┌────────
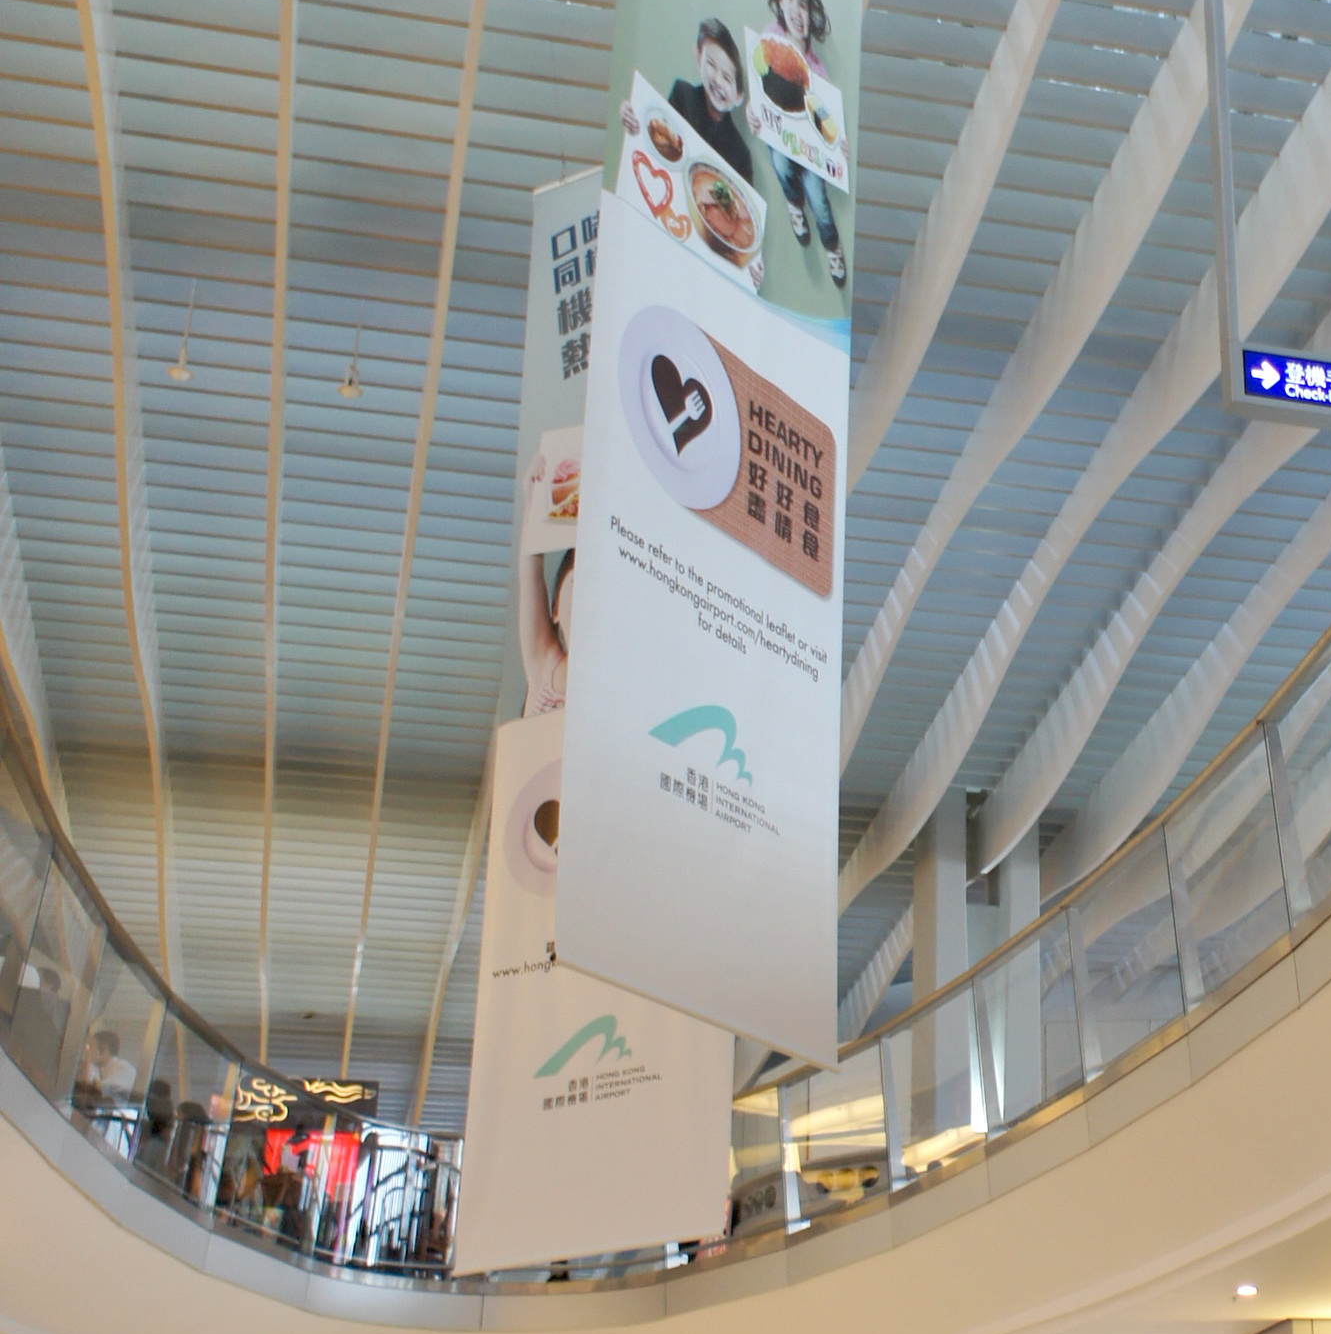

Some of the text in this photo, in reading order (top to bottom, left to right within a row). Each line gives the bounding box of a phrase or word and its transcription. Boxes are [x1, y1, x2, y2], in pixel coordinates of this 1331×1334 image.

[750, 400, 824, 468] HEARTY
[749, 429, 822, 499] DINING
[610, 515, 828, 665] Please refer to the promotional leaflet or visit
[618, 545, 819, 682] www.hongkongairport.com/heartydining
[697, 612, 747, 655] for details
[715, 809, 752, 833] AIRPORT
[716, 782, 766, 814] HONG KONG
[716, 796, 780, 836] INTERNATIONAL
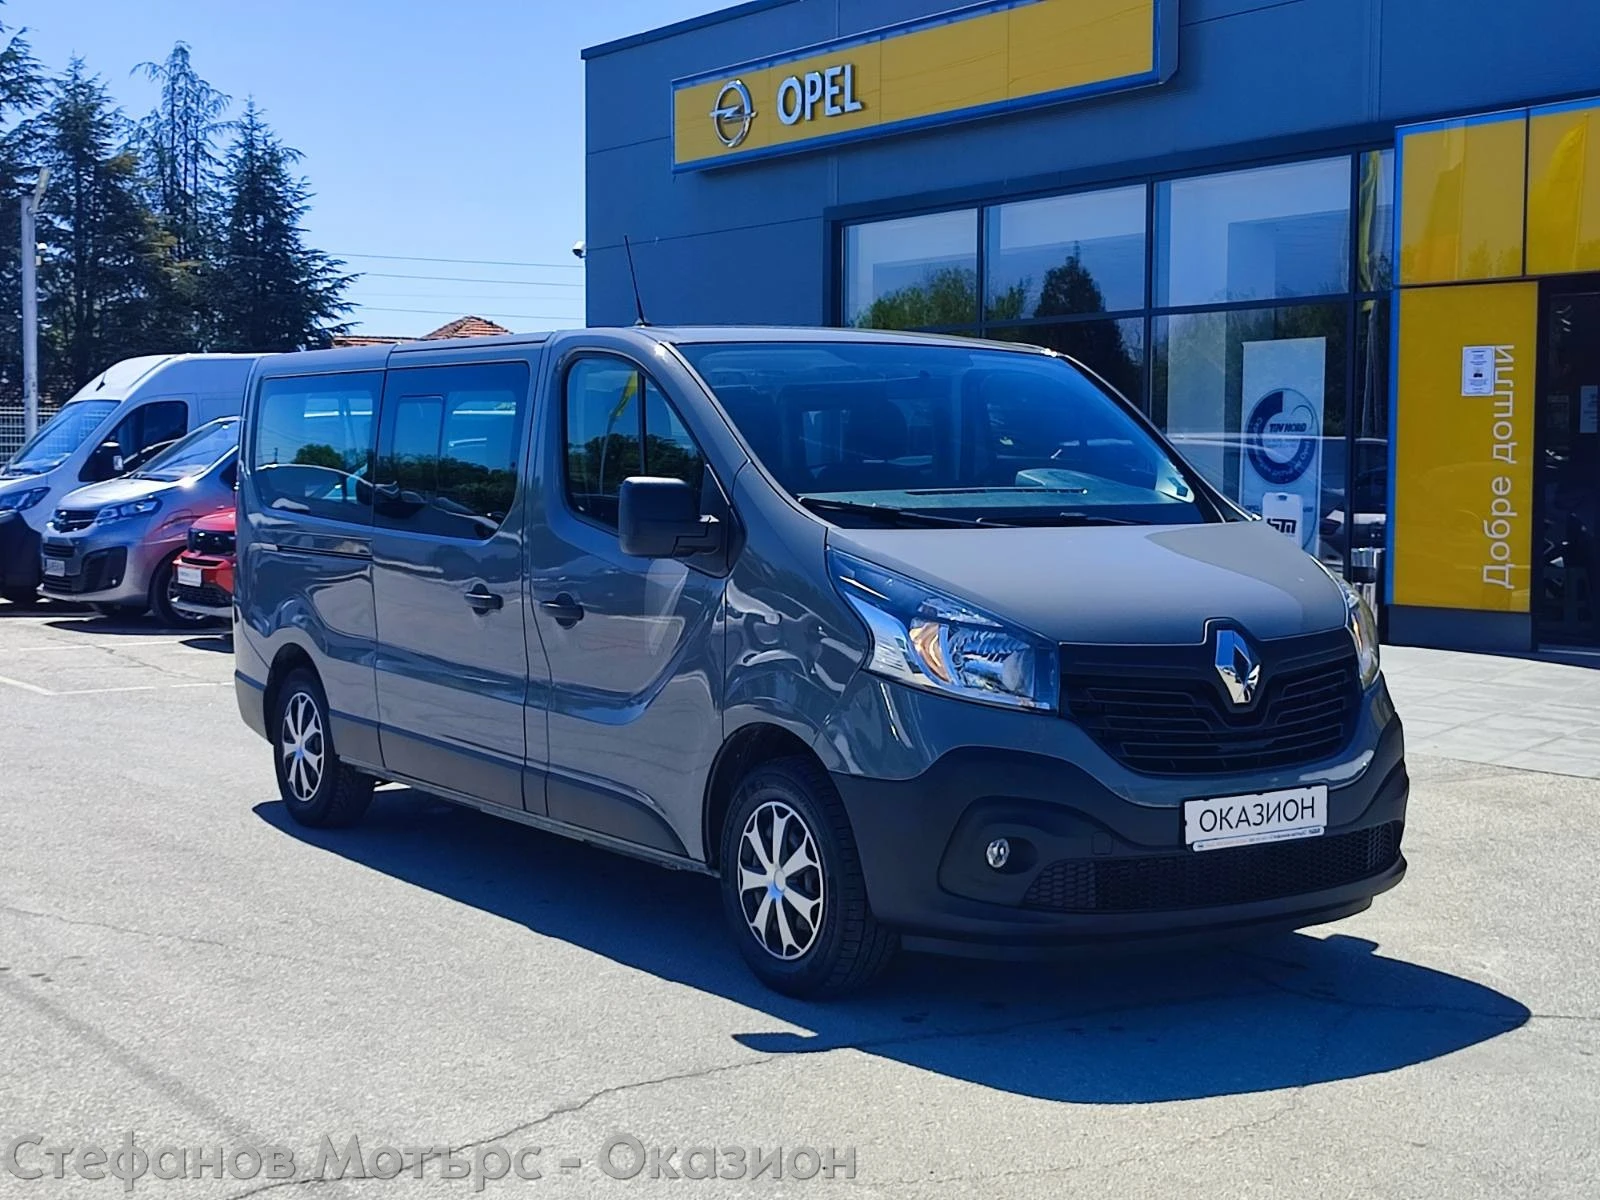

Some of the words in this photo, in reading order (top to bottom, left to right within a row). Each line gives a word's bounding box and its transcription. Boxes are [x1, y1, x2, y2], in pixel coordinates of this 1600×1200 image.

[777, 64, 863, 125] OPEL
[1493, 344, 1517, 464] дошли
[1483, 476, 1517, 589] Добре
[1199, 796, 1315, 832] ОКАЗИОН
└────────
-- ACTIVITY --
Omit the pictures and reproduce the records above exactly.

-- OUTPUT --
Some of the text in this photo, in reading order (top to bottom, left to right within a row). Each line gives the bounding box of a phrase or word and its transcription. Boxes are [x1, y1, x2, y2], in pixel coordinates of this 1331×1334 image.

[750, 400, 824, 468] HEARTY
[749, 429, 822, 499] DINING
[610, 515, 828, 665] Please refer to the promotional leaflet or visit
[618, 545, 819, 682] www.hongkongairport.com/heartydining
[697, 612, 747, 655] for details
[715, 809, 752, 833] AIRPORT
[716, 782, 766, 814] HONG KONG
[716, 796, 780, 836] INTERNATIONAL

Some of the words in this photo, in reading order (top to bottom, left to right within a row). Each line gives a word's bounding box and its transcription. Boxes are [x1, y1, x2, y2], in pixel coordinates of this 1600×1200 image.

[777, 64, 863, 125] OPEL
[1493, 344, 1517, 464] дошли
[1483, 476, 1517, 589] Добре
[1199, 796, 1315, 832] ОКАЗИОН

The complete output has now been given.